- [REQUIRED ACTION]
In your copy of the data, keep every word exact and include no pictures.

- [GIVEN RECORDS]
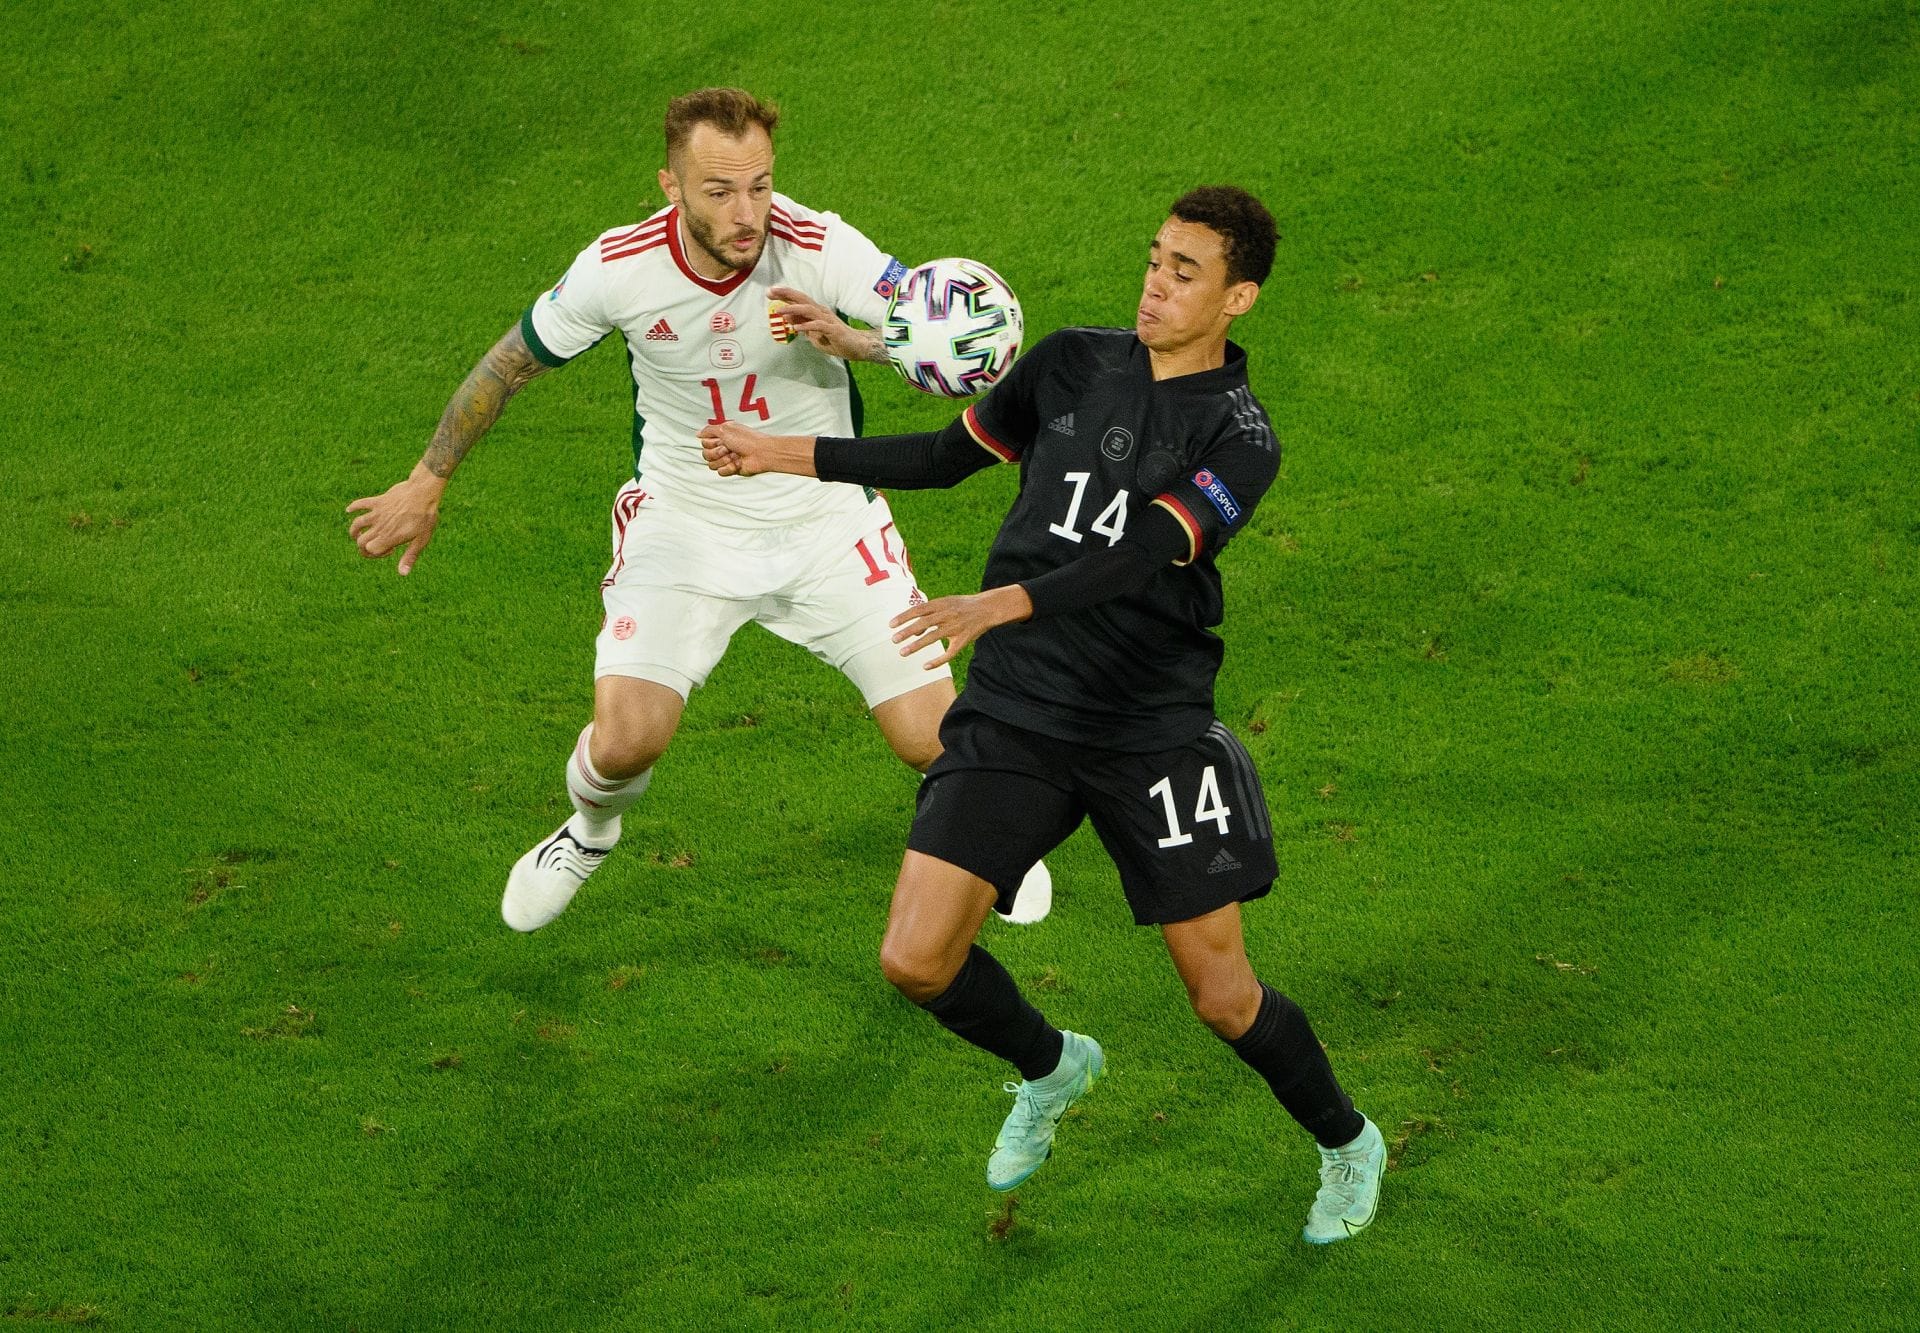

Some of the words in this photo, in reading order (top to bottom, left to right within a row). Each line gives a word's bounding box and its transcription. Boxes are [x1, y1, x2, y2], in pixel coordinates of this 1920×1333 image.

[645, 333, 679, 341] adidas
[702, 373, 771, 425] 14
[1048, 422, 1076, 437] adidas
[1048, 472, 1129, 547] 14
[1208, 483, 1239, 519] RESPECT
[1148, 765, 1232, 849] 14
[1207, 860, 1243, 874] adidas

- [TASK SOLUTION]
Some of the words in this photo, in reading order (top to bottom, left to right within a row). Each line gives a word's bounding box and its transcription. Boxes are [x1, y1, x2, y2], in pixel coordinates of this 1920×1333 image.

[645, 333, 679, 341] adidas
[702, 373, 771, 425] 14
[1048, 422, 1076, 437] adidas
[1048, 472, 1129, 547] 14
[1208, 483, 1239, 519] RESPECT
[1148, 765, 1232, 849] 14
[1207, 860, 1243, 874] adidas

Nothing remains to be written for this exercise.